The prohibition in the United States during the 1920s gave a strong impulse to Mexico’s beer industry, as North Americans went to the border countries to acquire and consume alcohol.
By 1918 there were already 36 breweries in Mexico, and by 1925 national production was around 50 thousand liters and employed nearly two thousand 500 people. In terms of consumers, it was estimated that only seven percent of men and five percent of women between the ages of 15 and 80 consumed beer in the country, representing only a tenth of the pulque drinkers.
In 1925, a group of Spanish businessmen created the founding company of Cervecería Modelo in Mexico City.

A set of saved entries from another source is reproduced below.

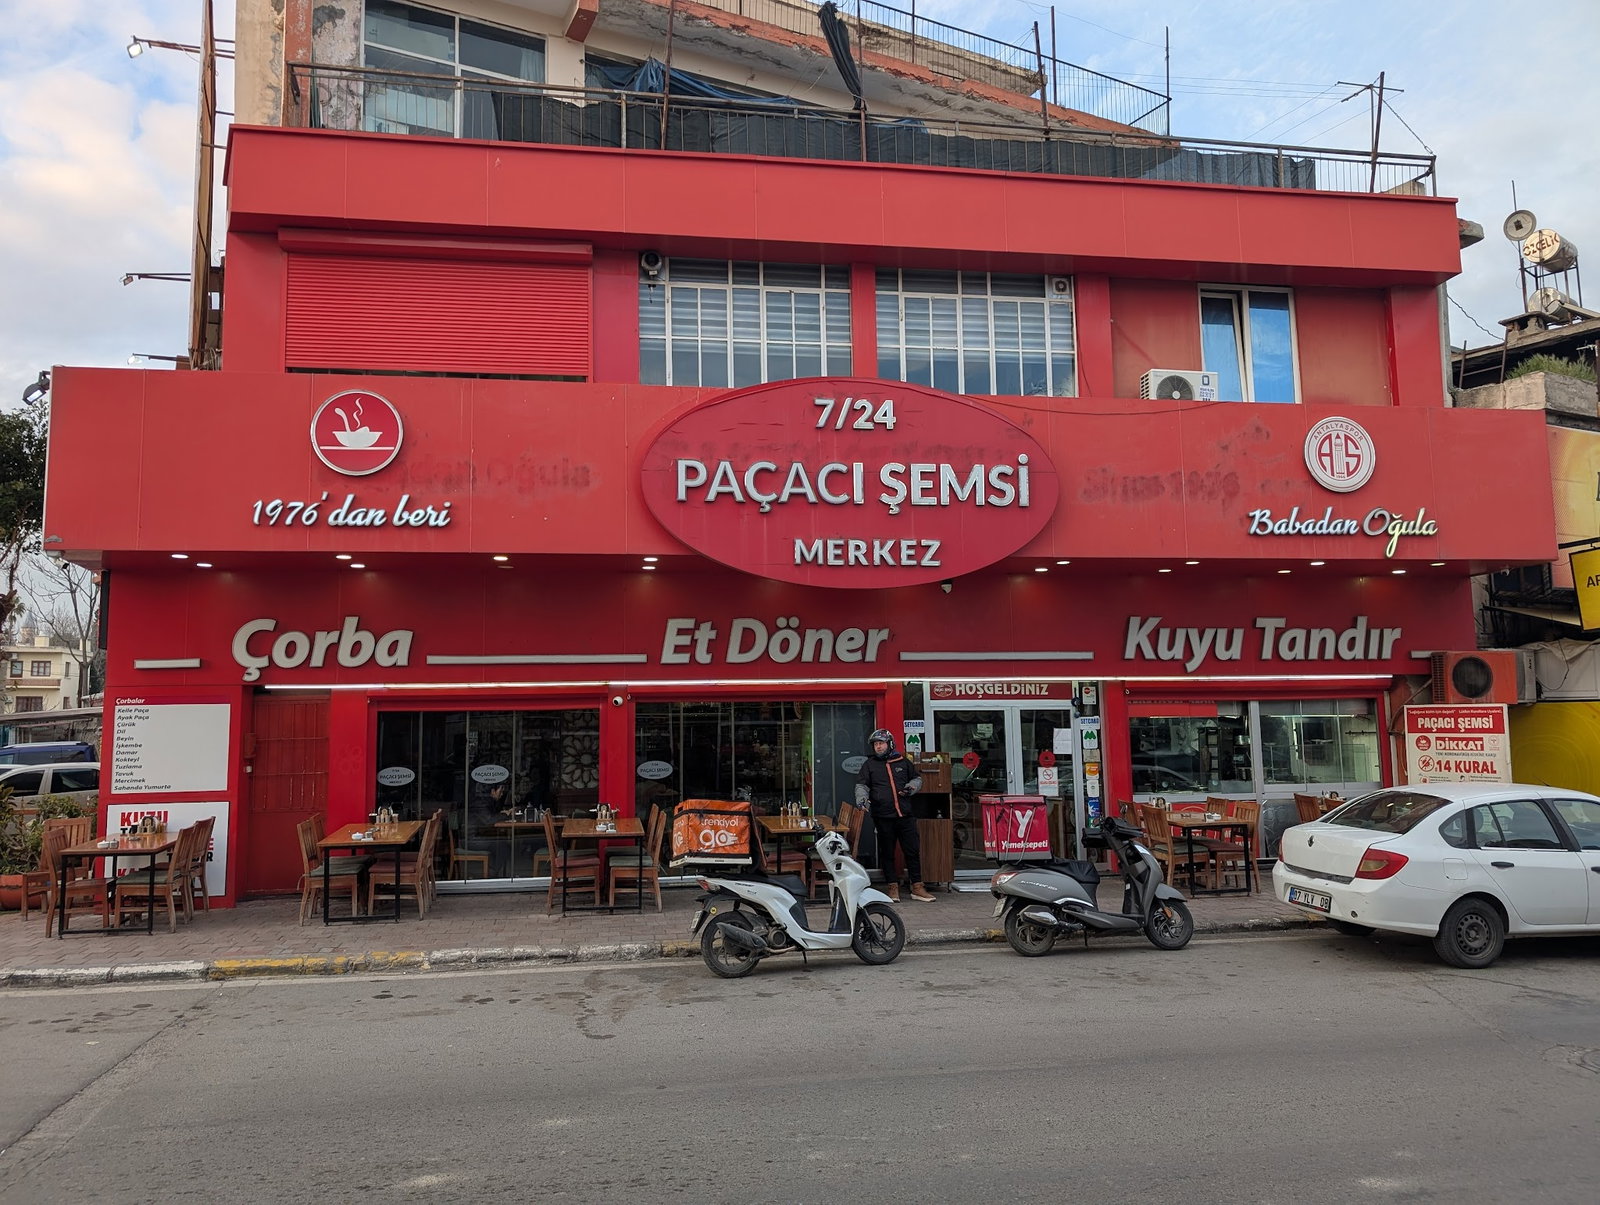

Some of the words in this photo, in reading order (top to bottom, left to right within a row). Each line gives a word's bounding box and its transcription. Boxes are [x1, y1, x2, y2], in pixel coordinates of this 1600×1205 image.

[814, 397, 897, 430] 7/24
[1313, 422, 1364, 442] ANTALYASPOR
[675, 458, 865, 512] PAÇACI
[878, 453, 1031, 514] ŞEMSİ
[392, 493, 452, 527] beri
[1247, 506, 1360, 537] Babadan
[1362, 507, 1439, 559] Oğula
[793, 538, 942, 567] MERKEZ
[231, 616, 414, 682] Çorba
[660, 617, 718, 665] Et
[725, 616, 890, 665] Döner
[1123, 615, 1245, 674] Kuyu
[1254, 615, 1402, 661] Tandır
[115, 697, 146, 705] Çorbalar
[1417, 717, 1455, 732] PAÇACI
[1457, 714, 1494, 732] ŞEMSİ
[1436, 737, 1483, 750] DİKKAT
[1436, 760, 1452, 773] 14
[1454, 760, 1498, 775] KURAL
[1001, 839, 1049, 850] Yemeksepeti
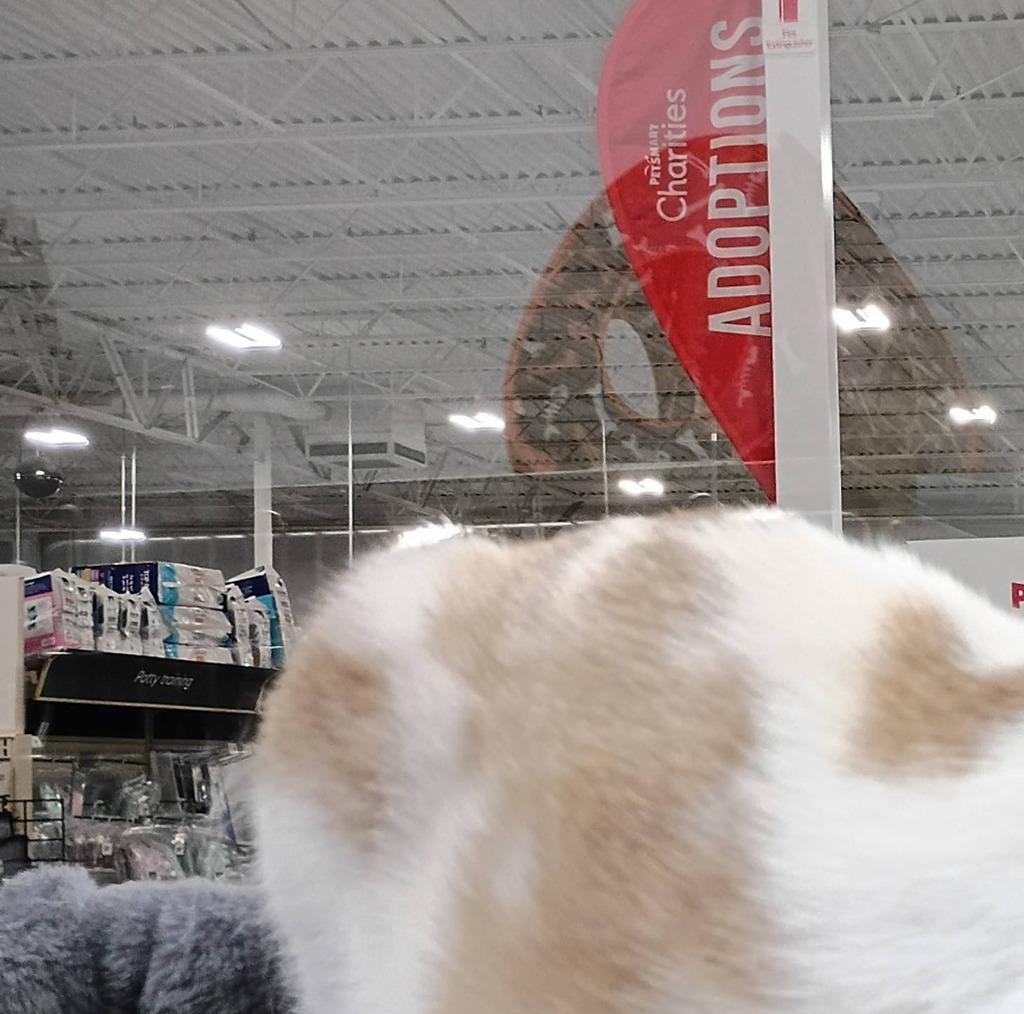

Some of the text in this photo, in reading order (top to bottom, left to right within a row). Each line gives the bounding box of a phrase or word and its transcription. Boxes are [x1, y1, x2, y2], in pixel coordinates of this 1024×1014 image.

Between 2010 and 2012, the Dutch company Heineken and the Belgian-Brazilian company AB InBev acquired the two large beer groups in the country, which meant the definitive goodbye of 100% Mexican beer invasion international brands.
In an attempt to rescue the Mexican beer tradition, since 1995, Mexican entrepreneurs decided to venture into creating their beers taking as a reference the classic European styles that the big brewing groups did not offer due to a consumer used to Pilsner beers, and for whom these styles could be very ‘strong,’ and therefore not profitable for large scale production.
From that moment on, craft beers began to conquer palates, and new brewing projects emerged all over the country. Currently, there are more than 600 formally established artisan breweries. Still, there is another similar number, or more, of homemade producers looking to create a new beer culture based on the quality and variety of their products and whose brands and labels transmit the culture of all corners of the country.